Shadows between Worlds
Shadows between Worlds results from a collaboration between visual artist Christelle Becholey Besson and anthropologist/dancer Claire Vionnet. The artwork questions movement when it resonates with various sensorial materials and sounds. Human shadows interplay in different sensory environments (water, space, shell and tunnel), addressing ways movements and bodies are affected by specific sound and visual contexts. This installation is a metaphor of broader current social issues about the world we live in. A female dancer thrusts between water and space, playing with the sensoriality of the world, resonating with materials she encounters. The gesture resonates with various faces of the Anthropocene, addressing the environment we are living in. The installation invites the audience to think about the milieus that might be better welcoming our bodies in a more sustainable way. In which environment can bodies move, grow and breath organically? This project is an illustration of participative collaboration between art and anthropology, in which the research question has been formulated together in an ongoing conversation.
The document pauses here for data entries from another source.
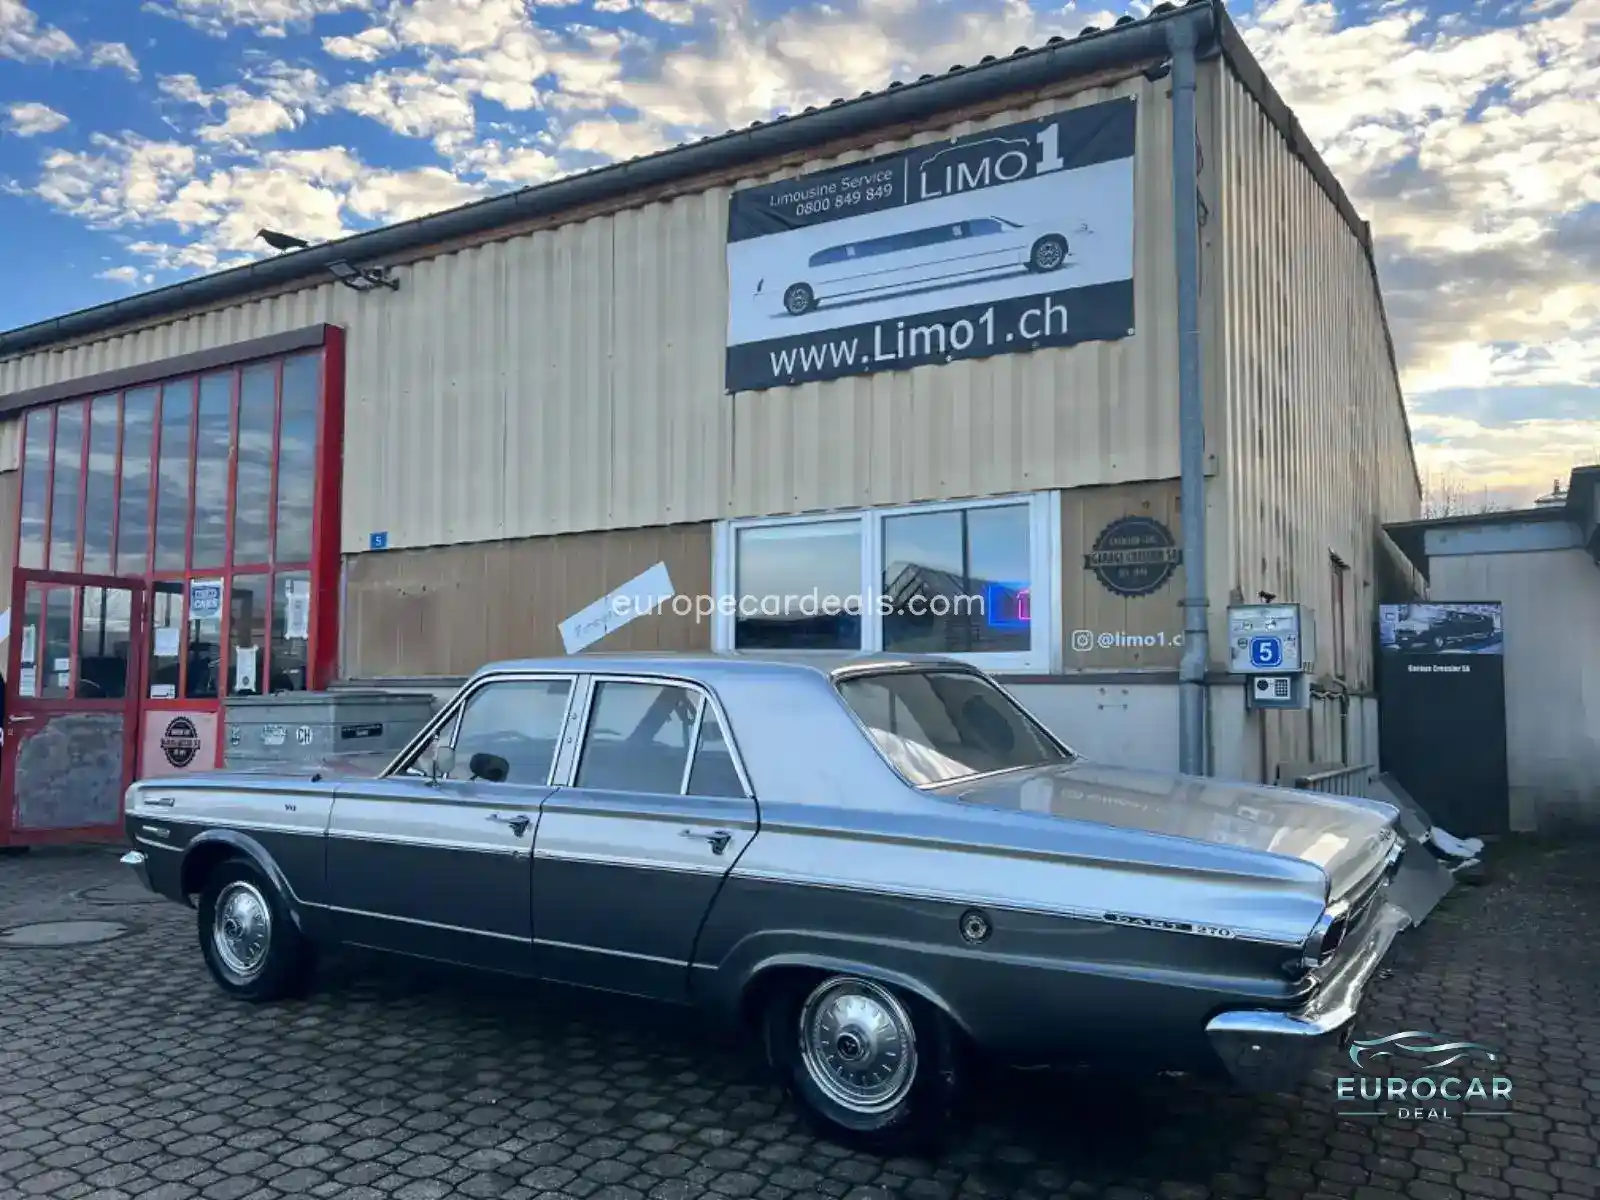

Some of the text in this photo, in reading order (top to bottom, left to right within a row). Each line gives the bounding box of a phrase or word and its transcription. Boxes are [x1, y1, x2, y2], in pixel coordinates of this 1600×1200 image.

[770, 168, 893, 207] Limousine Service
[796, 182, 893, 217] 0800 849 849
[769, 297, 1069, 377] www.Limo1.ch
[1259, 641, 1273, 662] 5
[297, 727, 312, 744] CH
Claire Vionnet is an Anthropologist, Dance Scholar and Dancer. She wrote a PhD on the creation of gestures in contemporary dance, exploring notions of body, improvisation, senses, shadow/ghost, production processes, autoethnography, phenomenology. She works creatively with dance communities (West African Dances, Contemporary Dance, Contact Improvisation), reflecting on the way art/dance produces knowledge. Marked by her time lived in Africa, she is particularly interested in the role humanities play in society and keen to reflect on better reuniting Anthropology, Art and Society. She develops alternative forms of ethnographic restitution (video-essay, lecture-performance, performative dialogs in festivals) to reach a broader audience beyond Academia.
Christelle Becholey Besson was born in 1985 in Switzerland, she lives and works in Vancouver.
“In my practice, I like to follow my curiosity, which takes me in unfamiliar places. I then use and misuse art to shape fictional narratives and create atmospheres from parallel times. Collaboration is essential to my creative process. Sharing bring complexity and chaos to the linear thinking and give me more unknown”.